■ Problem details
Please transcribe the entries exactly and omit the images they contain.

[Free-text object descriptions]
************
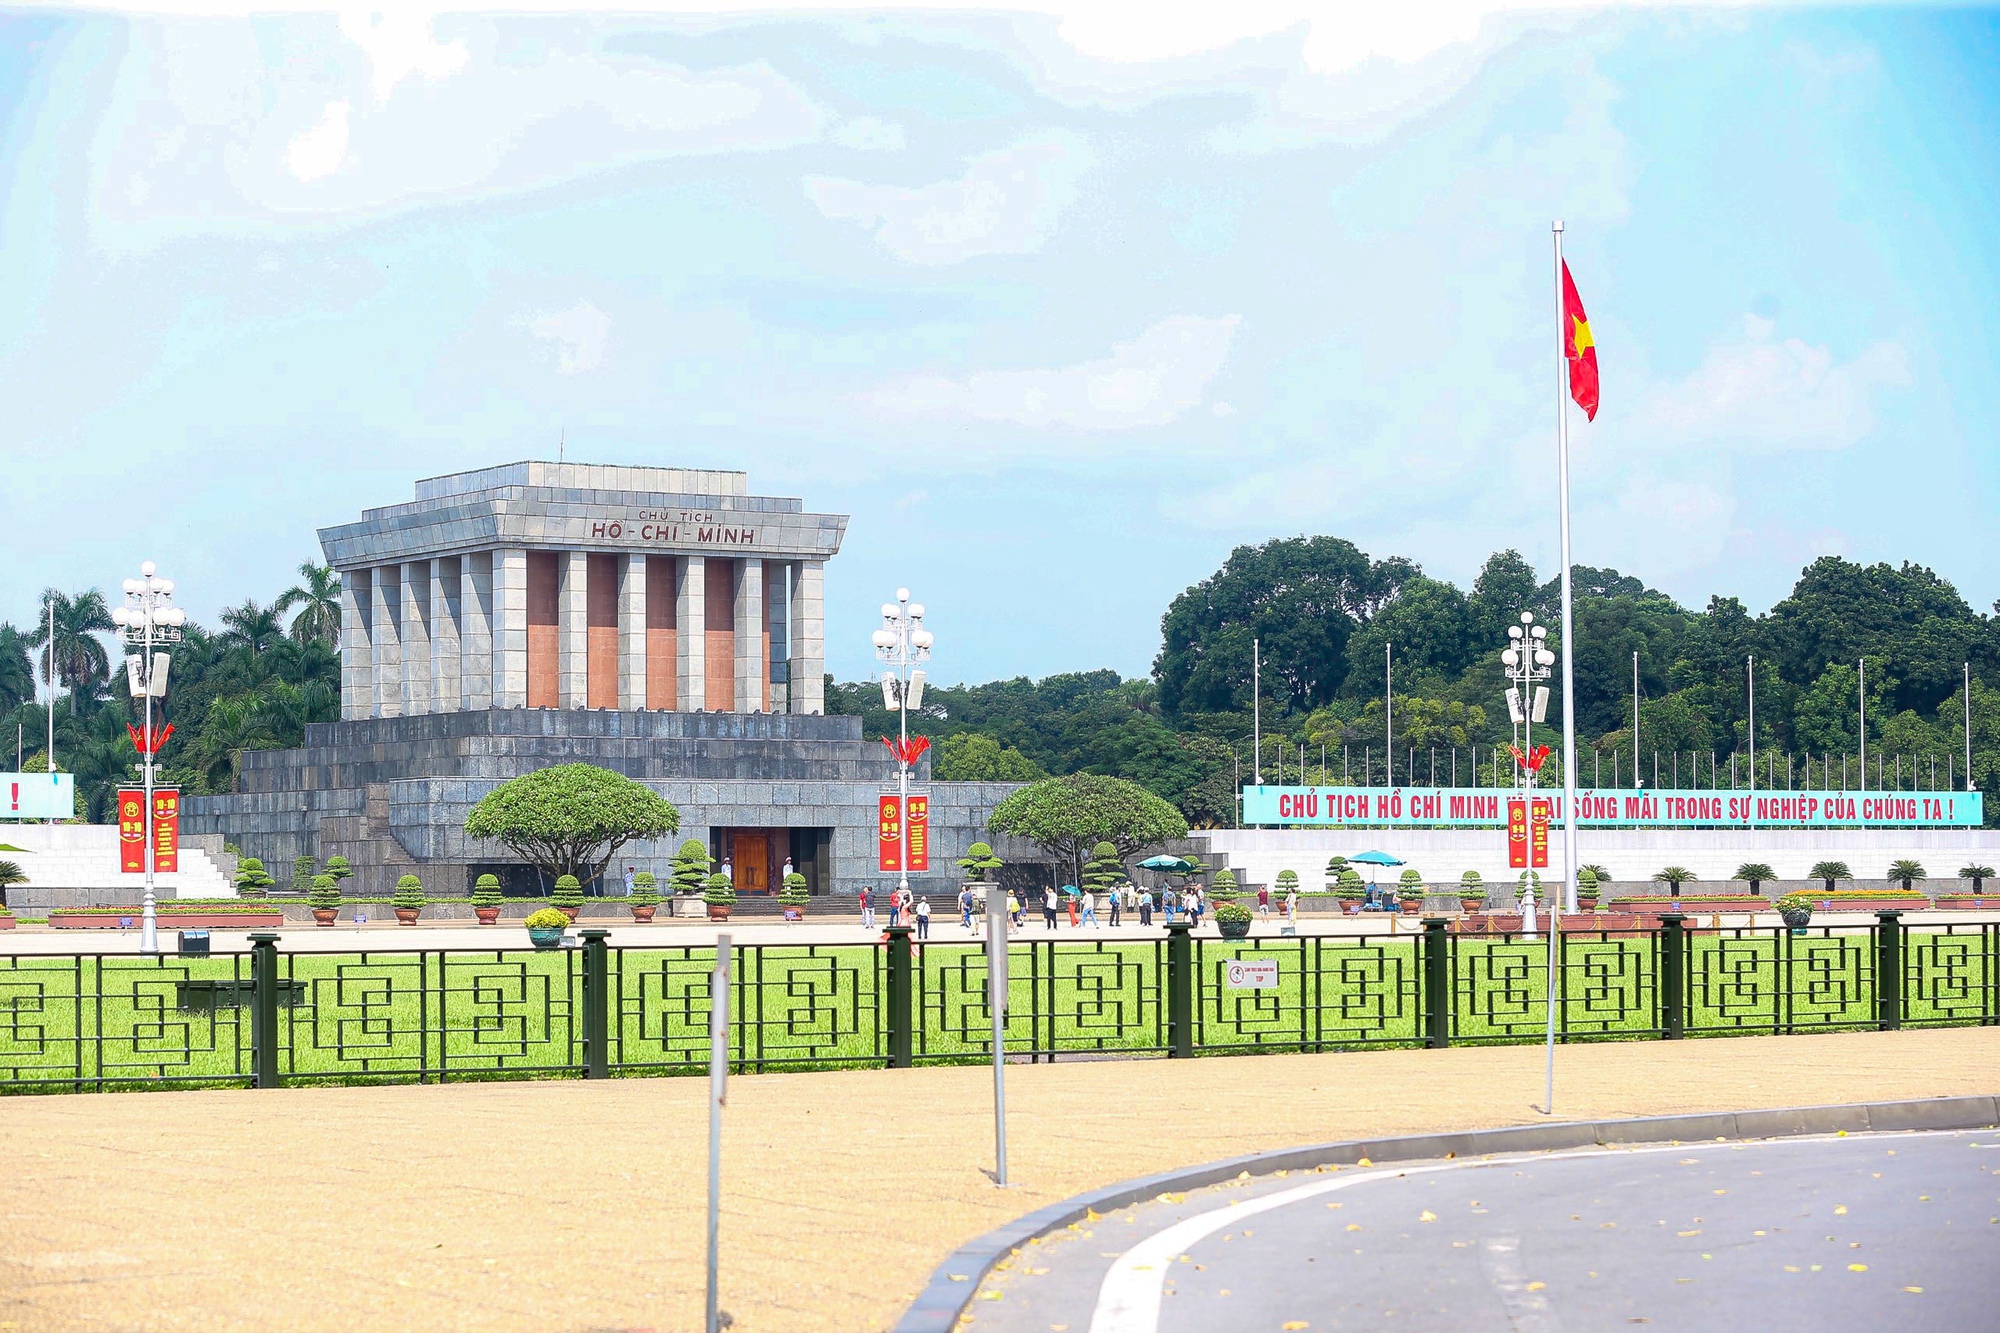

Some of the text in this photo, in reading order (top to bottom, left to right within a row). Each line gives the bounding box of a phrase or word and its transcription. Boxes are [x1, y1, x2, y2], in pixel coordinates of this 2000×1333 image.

[639, 508, 713, 525] CHỦ TỊCH
[592, 520, 623, 538] HỒ
[641, 522, 679, 541] CHÍ
[12, 783, 18, 810] !
[1279, 788, 1318, 818] CHỦ
[1326, 794, 1369, 822] TỊCH
[1377, 788, 1402, 818] HỒ
[1410, 791, 1441, 818] CHÍ
[1450, 796, 1498, 818] MINH
[1625, 793, 1657, 819] MÃI
[1666, 797, 1721, 819] TRONG
[1729, 795, 1752, 823] SỰ
[1757, 794, 1818, 823] NGHIỆP
[1824, 792, 1856, 819] CỦA
[1862, 794, 1917, 819] CHÚNG
[1923, 799, 1942, 819] TA
[1948, 799, 1953, 819] !
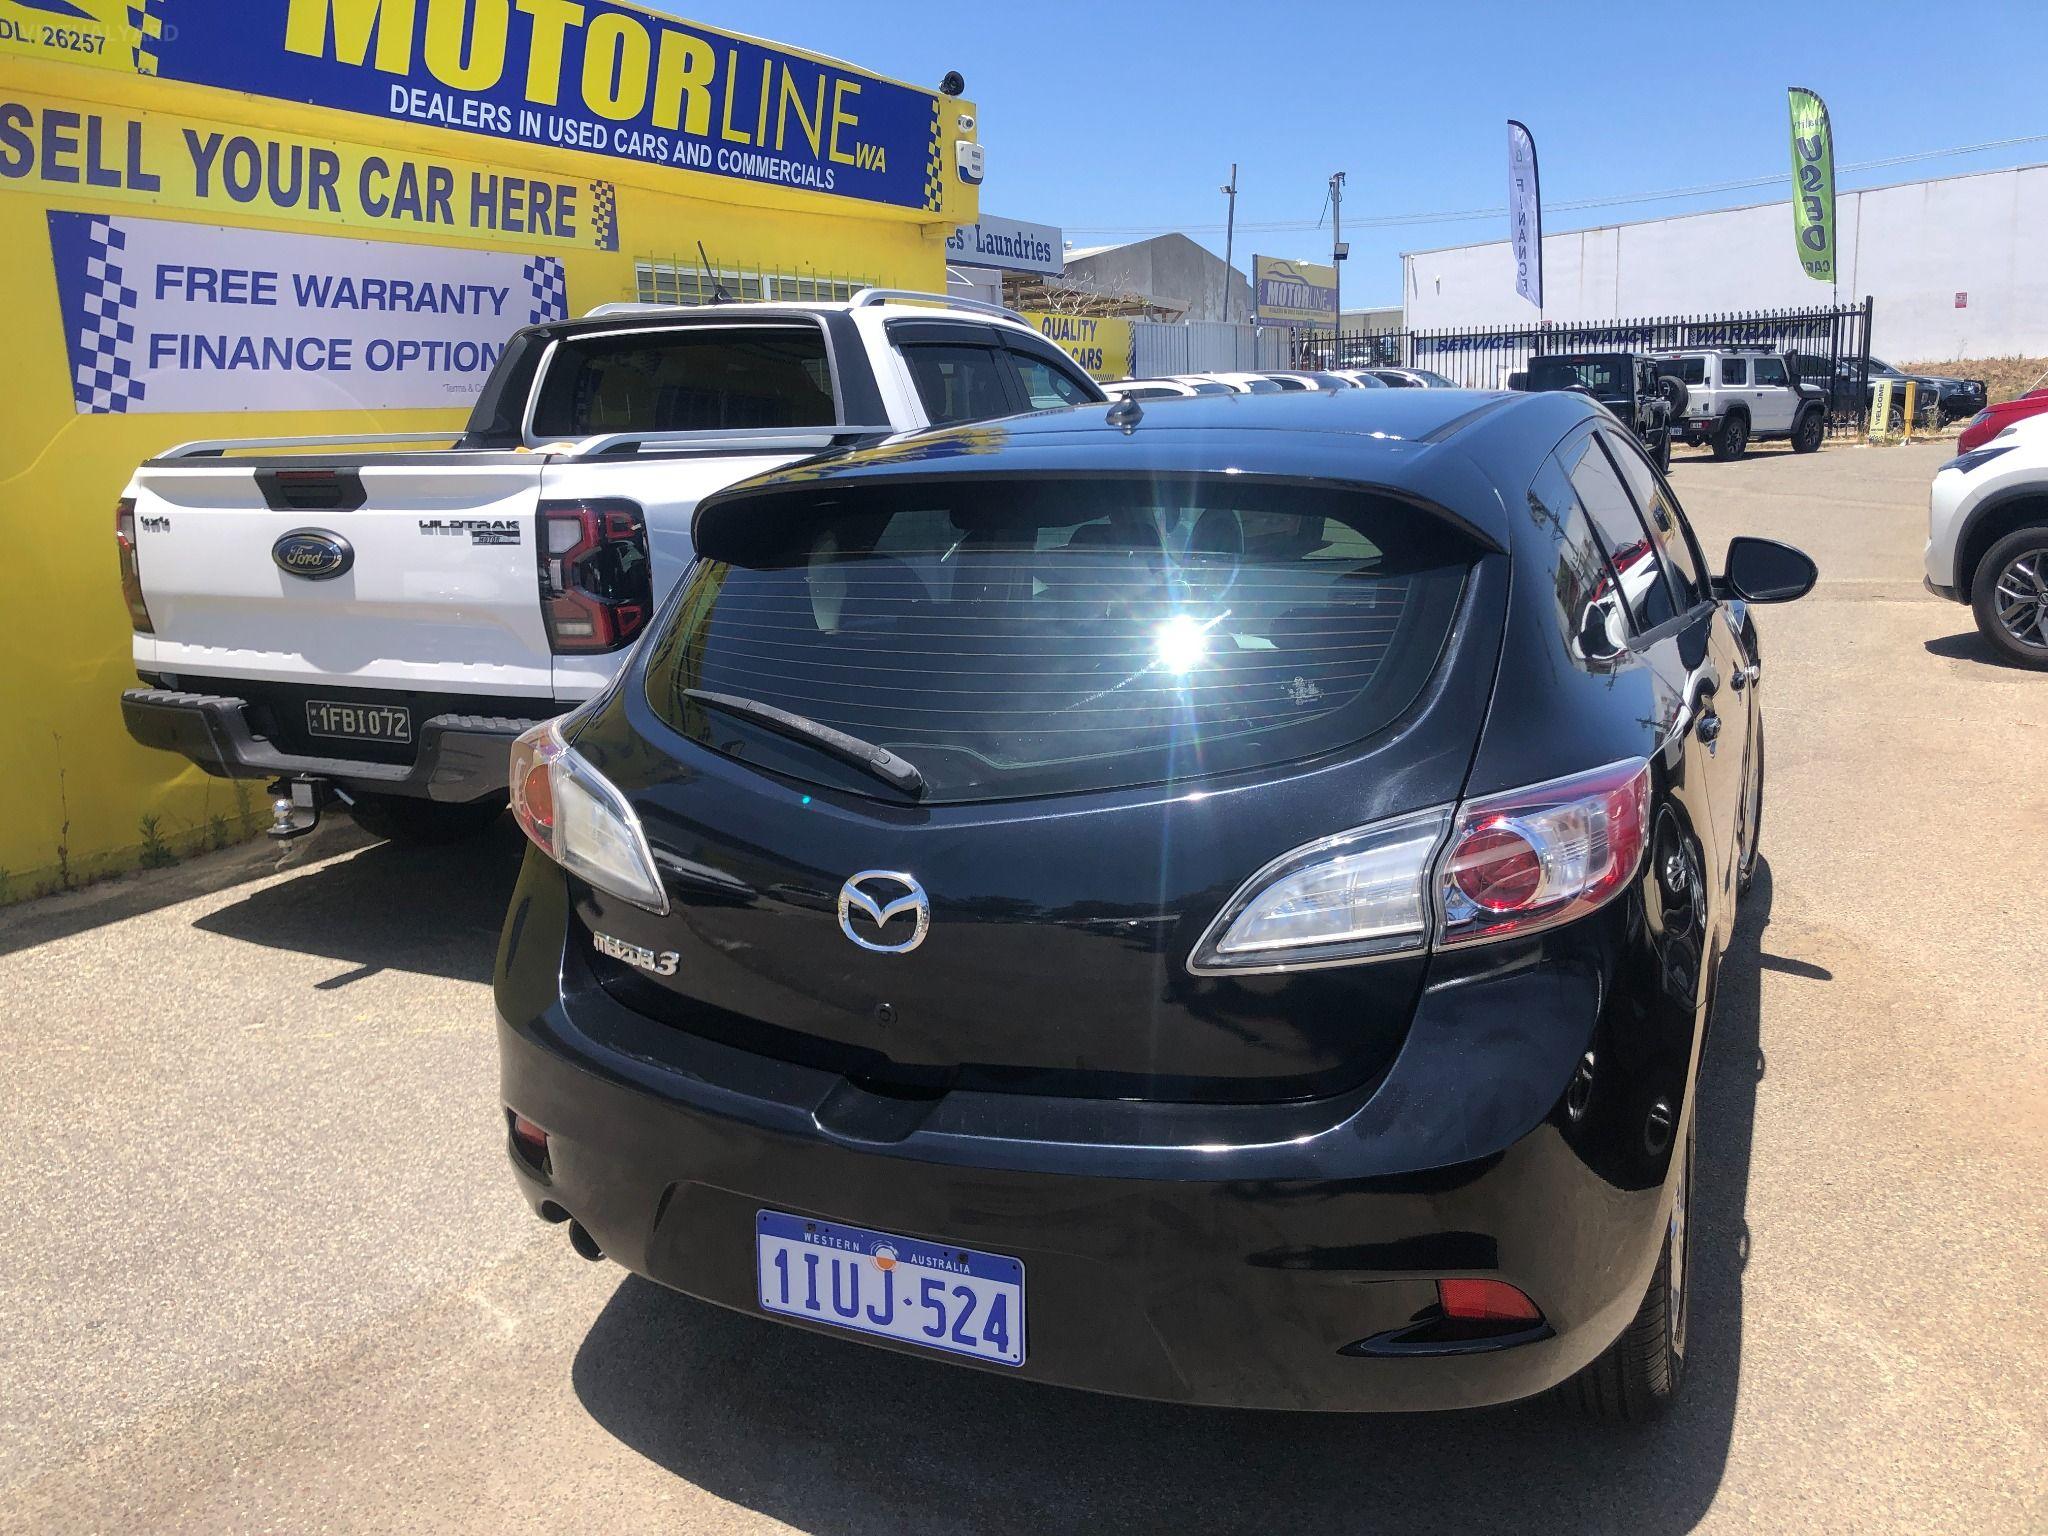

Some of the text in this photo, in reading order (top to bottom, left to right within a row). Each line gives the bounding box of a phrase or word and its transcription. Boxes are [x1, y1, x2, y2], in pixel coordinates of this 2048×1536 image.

[43, 26, 106, 55] 26257
[285, 0, 887, 173] MOTORLINE WA
[390, 84, 835, 190] DEALERS IN USED CARS AND COMMERCIALS
[0, 102, 577, 238] SELL YOUR CAR HERE
[975, 224, 1051, 262] Laundries
[156, 264, 510, 316] FREE WARRANTY
[1266, 280, 1328, 310] MOTORLINE
[1041, 317, 1098, 342] QUALITY
[1436, 334, 1515, 352] SERVICE
[149, 333, 352, 371] FINANCE
[1875, 384, 1885, 425] WELCOME
[419, 520, 520, 529] WILDTRAK
[287, 544, 323, 565] Ford
[320, 707, 408, 737] 1FBI072
[803, 1232, 971, 1275] WESTERN AUSTRALIA
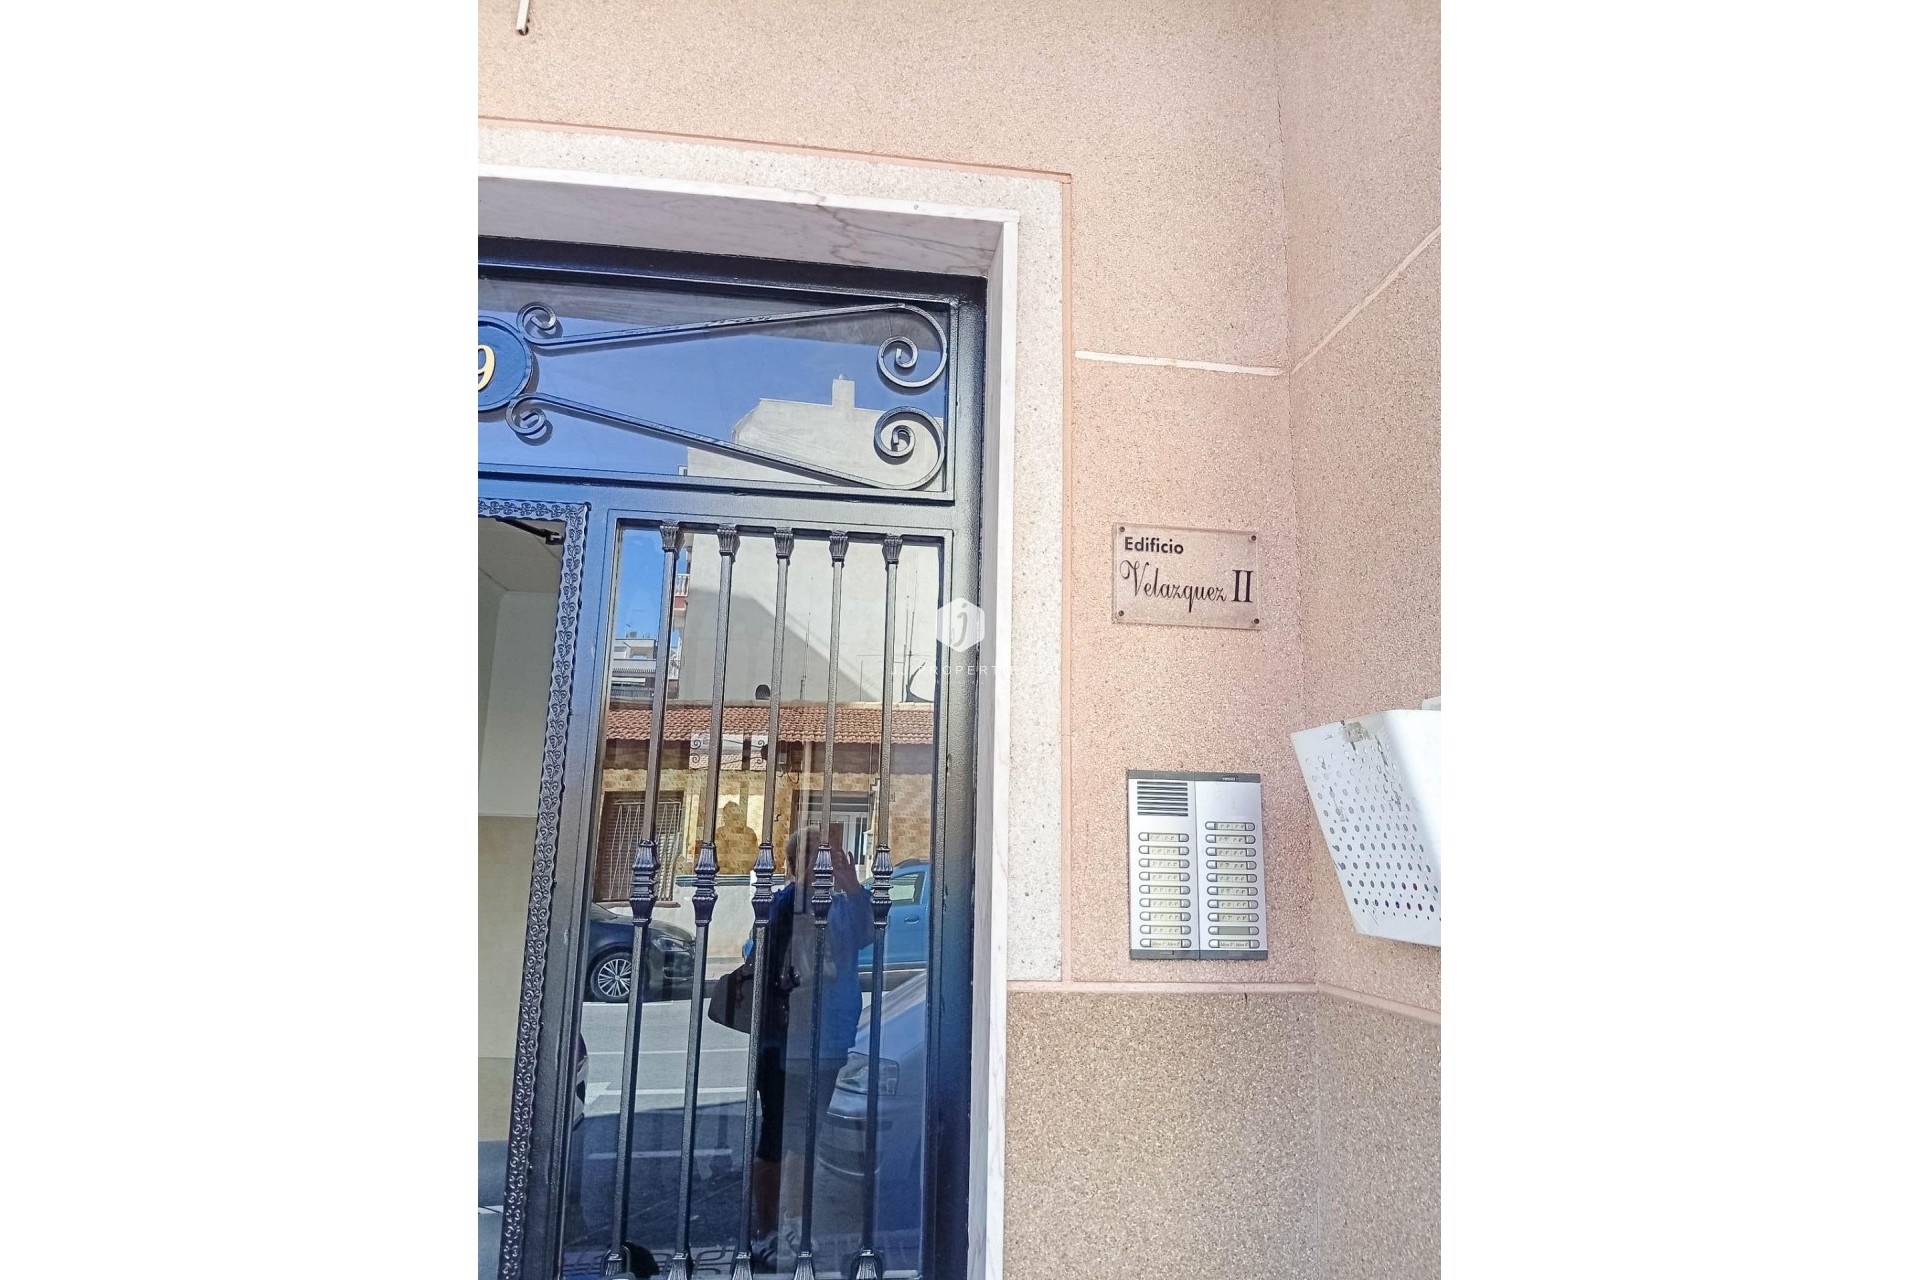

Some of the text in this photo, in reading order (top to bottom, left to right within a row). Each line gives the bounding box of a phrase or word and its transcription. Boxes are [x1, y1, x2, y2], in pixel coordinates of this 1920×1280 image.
************
■ Exercise response
Some of the text in this photo, in reading order (top to bottom, left to right within a row). Each line gives the bounding box of a phrase or word and its transcription. Boxes are [x1, y1, x2, y2], in pixel coordinates of this 2000×1333 image.

[639, 508, 713, 525] CHỦ TỊCH
[592, 520, 623, 538] HỒ
[641, 522, 679, 541] CHÍ
[12, 783, 18, 810] !
[1279, 788, 1318, 818] CHỦ
[1326, 794, 1369, 822] TỊCH
[1377, 788, 1402, 818] HỒ
[1410, 791, 1441, 818] CHÍ
[1450, 796, 1498, 818] MINH
[1625, 793, 1657, 819] MÃI
[1666, 797, 1721, 819] TRONG
[1729, 795, 1752, 823] SỰ
[1757, 794, 1818, 823] NGHIỆP
[1824, 792, 1856, 819] CỦA
[1862, 794, 1917, 819] CHÚNG
[1923, 799, 1942, 819] TA
[1948, 799, 1953, 819] !

Some of the text in this photo, in reading order (top to bottom, left to right within a row). Each line gives the bounding box of a phrase or word and its transcription. Boxes are [x1, y1, x2, y2], in pixel coordinates of this 2048×1536 image.

[43, 26, 106, 55] 26257
[285, 0, 887, 173] MOTORLINE WA
[390, 84, 835, 190] DEALERS IN USED CARS AND COMMERCIALS
[0, 102, 577, 238] SELL YOUR CAR HERE
[975, 224, 1051, 262] Laundries
[156, 264, 510, 316] FREE WARRANTY
[1266, 280, 1328, 310] MOTORLINE
[1041, 317, 1098, 342] QUALITY
[1436, 334, 1515, 352] SERVICE
[149, 333, 352, 371] FINANCE
[1875, 384, 1885, 425] WELCOME
[419, 520, 520, 529] WILDTRAK
[287, 544, 323, 565] Ford
[320, 707, 408, 737] 1FBI072
[803, 1232, 971, 1275] WESTERN AUSTRALIA

Some of the text in this photo, in reading order (top to bottom, left to right within a row). Each line gives the bounding box of a phrase or word and its transcription. Boxes are [x1, y1, x2, y2], in pixel coordinates of this 1920×1280 image.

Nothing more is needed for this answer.